Local storage also requires upfront time investment: sourcing hardware, configuring a NAS or server, and setting up backup software. These operational costs are difficult to quantify but may be relevant when comparing options.

Common Use Cases

For personal photo and video backups in the range of 1–5 TB, the convenience and low cost of consumer cloud plans often make them the practical choice, especially when a device is already subscribing to a cloud ecosystem. For home media libraries in the range of 10–50 TB, local NAS solutions typically become significantly more cost-effective within one to three years. For developer and business workloads that involve cold archival storage—data that is written once and rarely accessed—object storage tiers like Amazon S3 Glacier or Backblaze B2 Life Cycle Rules can reduce costs substantially below standard object storage rates.

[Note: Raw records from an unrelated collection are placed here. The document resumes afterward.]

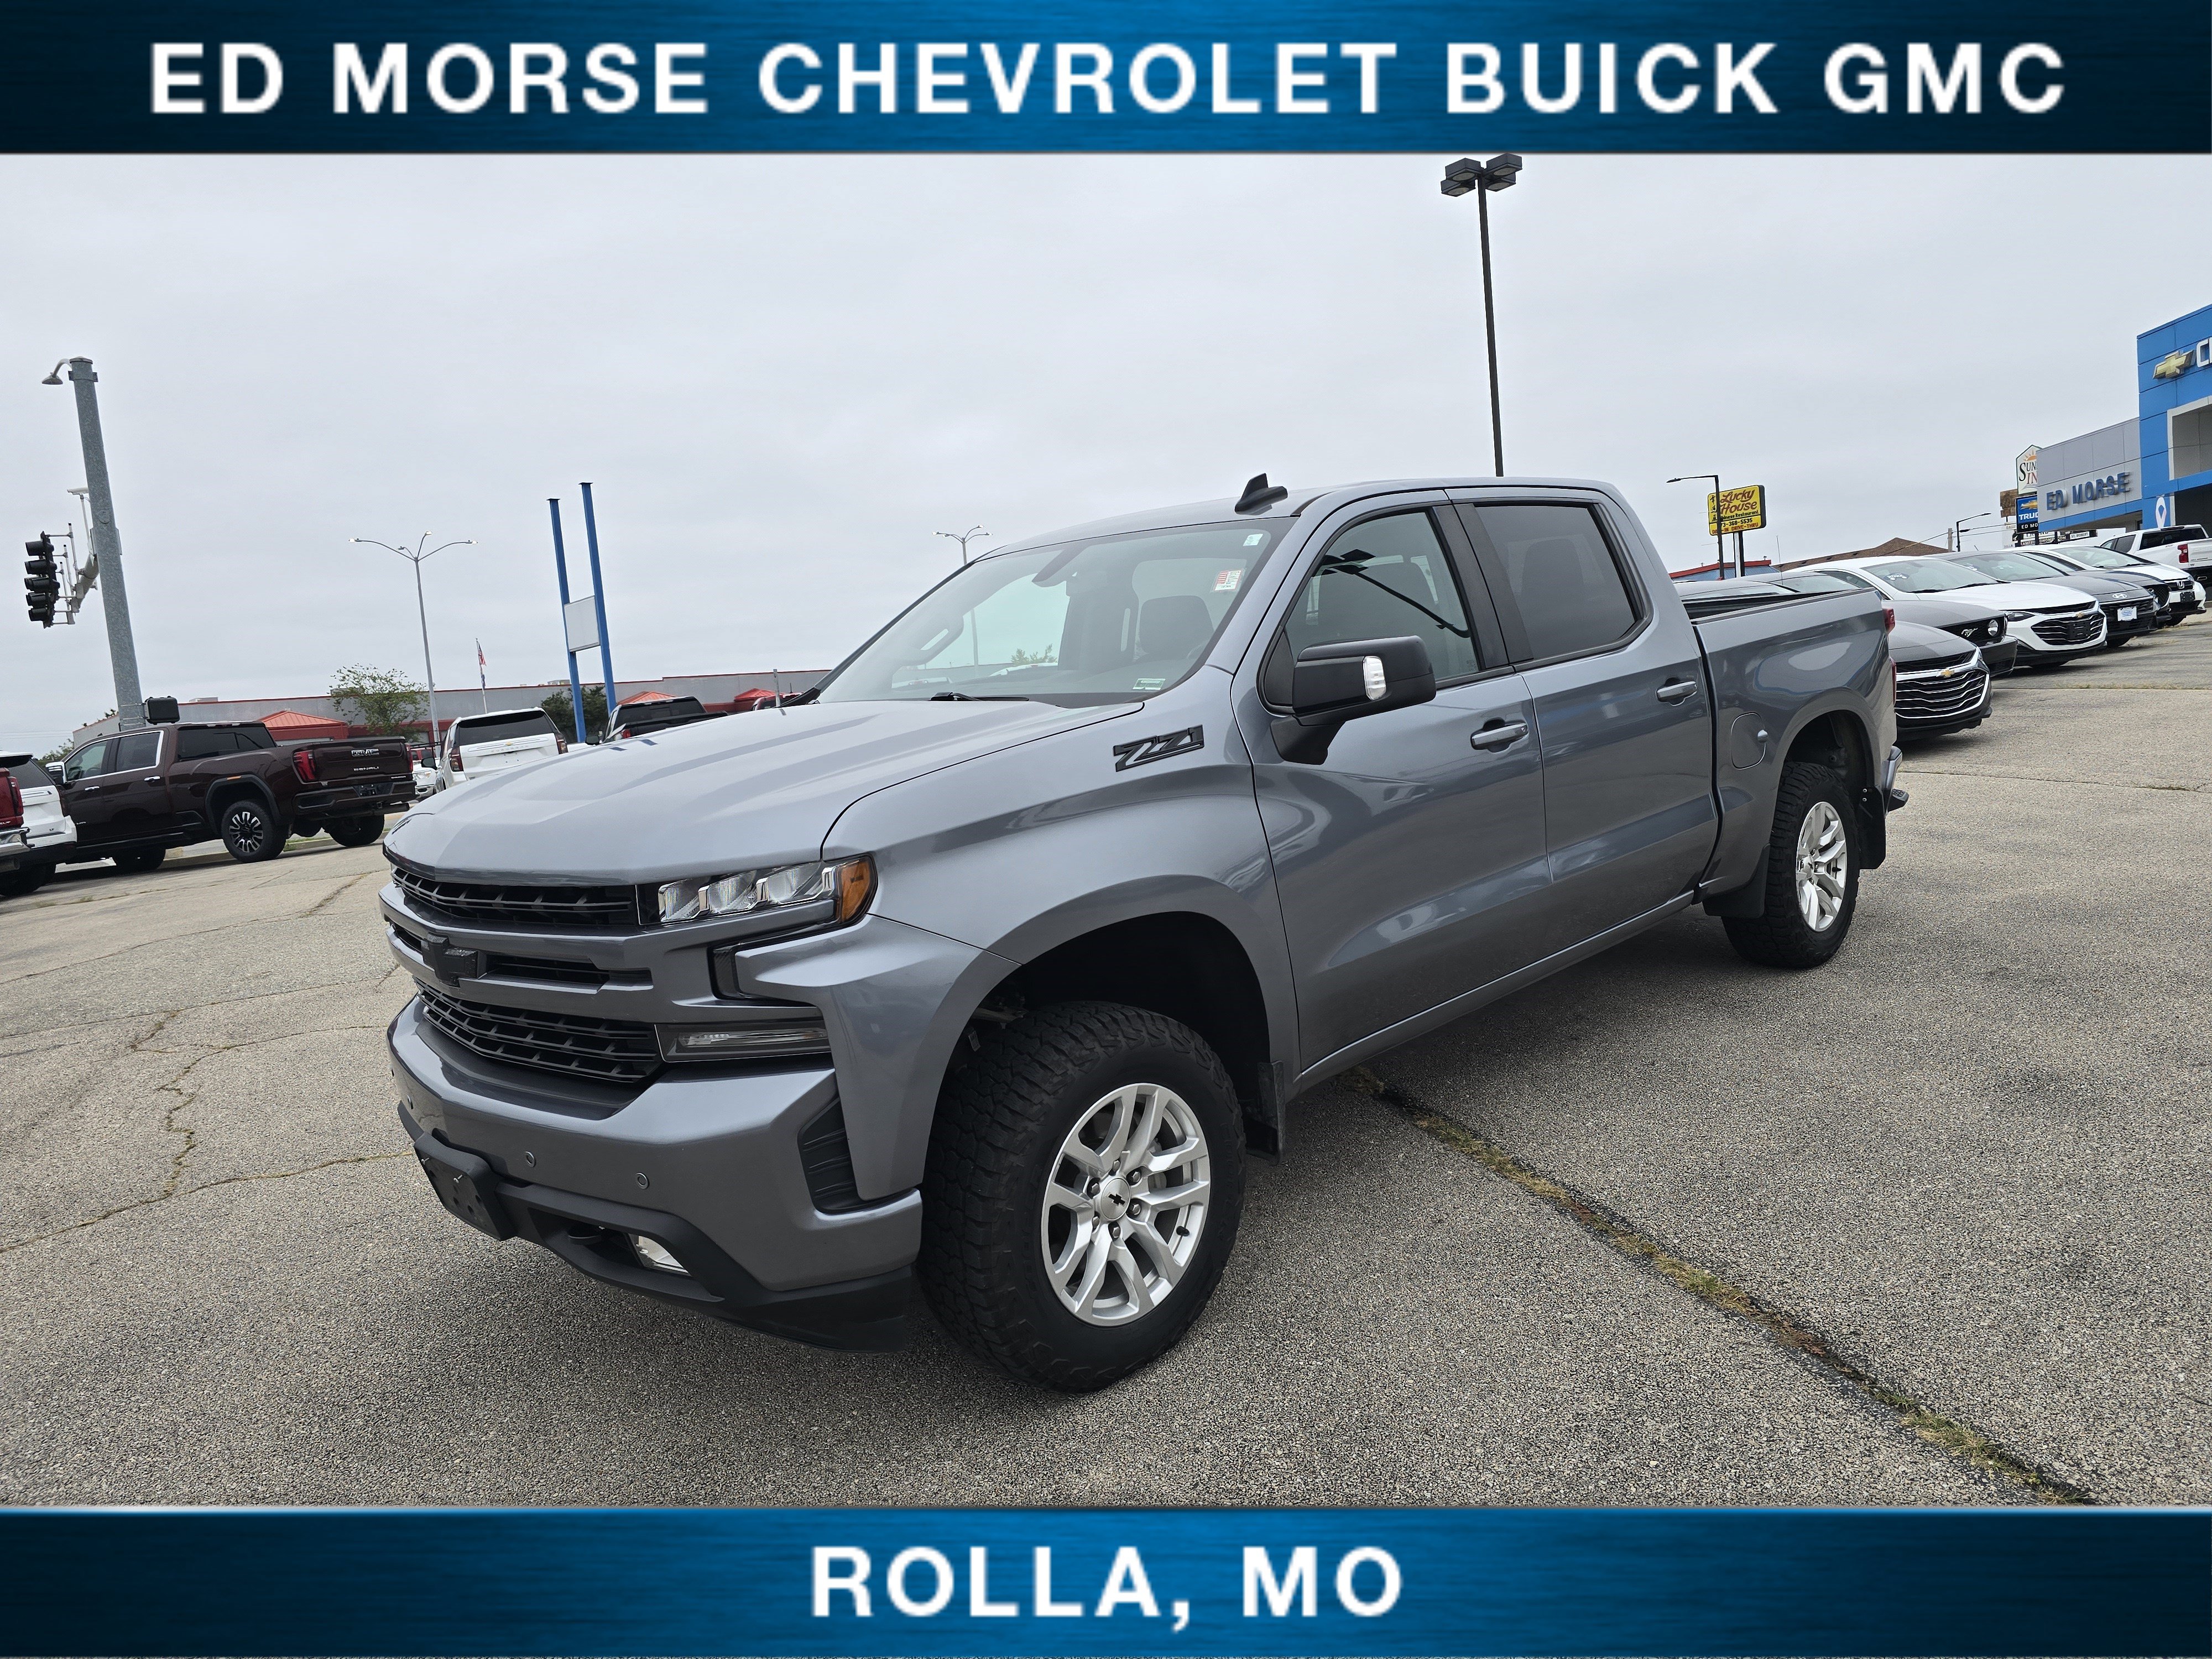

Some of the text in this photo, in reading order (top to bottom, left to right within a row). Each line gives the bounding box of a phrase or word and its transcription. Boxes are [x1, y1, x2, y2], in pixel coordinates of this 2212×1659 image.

[2019, 461, 2037, 481] SUN
[2027, 472, 2037, 484] IN
[1720, 489, 1755, 503] Lucky
[2047, 472, 2128, 510] ED MORSE
[1720, 501, 1757, 515] House
[2018, 512, 2038, 520] TRUC
[351, 748, 379, 757] GMC
[1113, 724, 1205, 773] Z71

The most cost-effective approach for large volumes of data often combines both: frequently accessed data on fast cloud or local SSD, and cold archives on inexpensive HDDs or low-cost object storage. Use this calculator to explore the numbers for your specific situation.

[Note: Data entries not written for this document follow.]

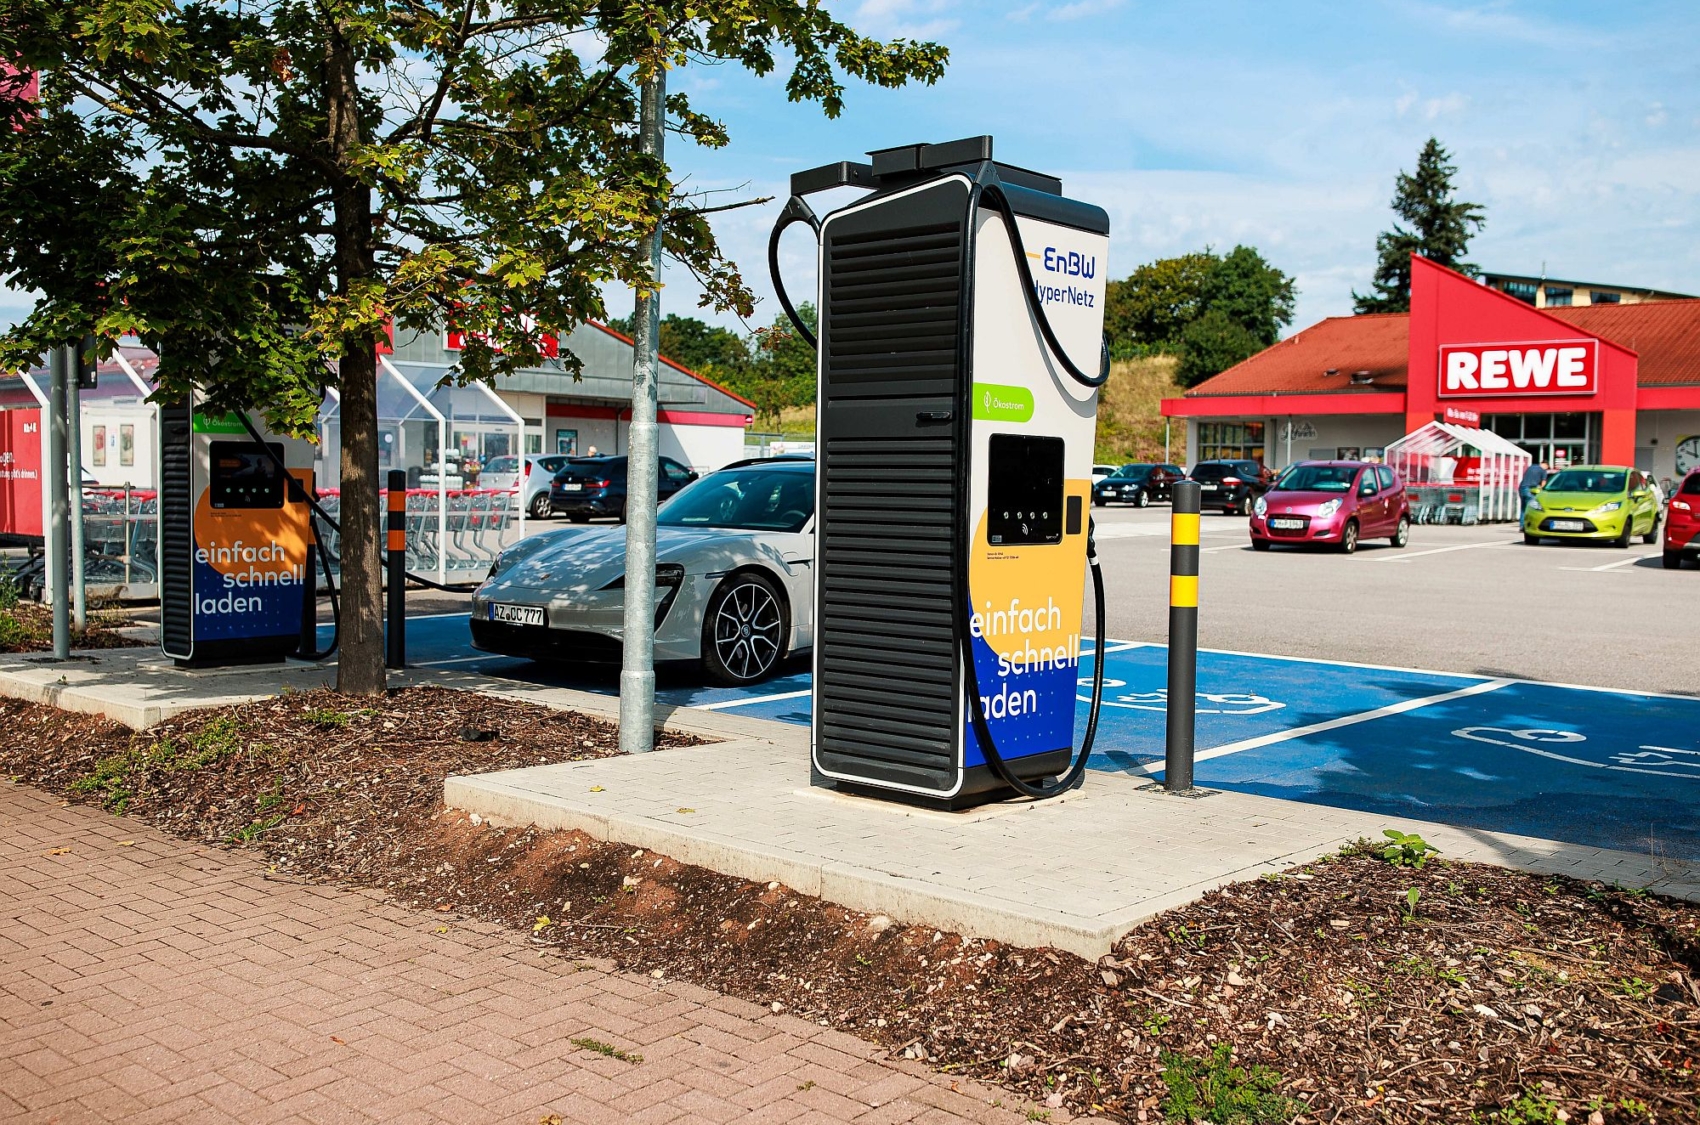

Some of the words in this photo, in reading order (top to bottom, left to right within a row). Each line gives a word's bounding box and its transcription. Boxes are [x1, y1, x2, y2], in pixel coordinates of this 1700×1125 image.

[1044, 246, 1095, 280] EnBW
[1447, 347, 1588, 390] REWE
[992, 397, 1025, 411] Ökostrom
[194, 540, 285, 564] einfach
[222, 564, 304, 589] schnell
[195, 591, 262, 615] laden
[494, 604, 506, 620] AZ
[510, 607, 522, 621] CC
[524, 608, 542, 623] 777
[970, 596, 1061, 638] einfach
[997, 633, 1079, 677] schnell

Frequently Asked Questions

Is cloud storage or local drives cheaper in the long run?

It depends on the volume of data and how long you store it. For small amounts (1–5 TB), cloud is often cheaper because the low monthly fees do not justify the hardware investment. For large volumes (10+ TB) held over several years, local drives typically become cheaper once the break-even point is passed, since the ongoing electricity cost is far lower than cloud monthly fees.

What electricity cost should I use?

Use your actual electricity rate from your utility bill, expressed in cost per kilowatt-hour (kWh). Global average rates range from around $0.05/kWh in countries with cheap power to over $0.40/kWh in parts of Europe. In the United States, the residential average is roughly $0.13–0.17/kWh.

How many watts does a hard drive use?

A typical 3.5-inch desktop HDD consumes 5–12 watts during read/write operation and 4–8 watts at idle. The default value in this calculator is 8 watts per drive as a middle estimate. SSDs consume significantly less—typically 1–5 watts—but cost more per terabyte, making them less common for bulk storage.

What drive lifespan should I assume?

Consumer hard drives are commonly rated for 3–5 years of continuous operation by manufacturers. Enterprise drives may carry longer warranties and are designed for higher workloads. Backblaze publishes annual hard drive reliability reports that show real-world failure rates by model, which can inform your estimate. For conservative planning, 3–4 years is often used; 5 years is a reasonable optimistic estimate.

Does this calculator include cloud egress fees?

No. This calculator estimates storage-only costs using a flat monthly per-TB rate. Egress fees—charged when you download data from cloud storage—are not included. If your workload involves frequent large downloads, actual cloud costs may be higher than this estimate suggests. Some providers such as Backblaze B2 and Wasabi offer free or very low egress as a competitive differentiator.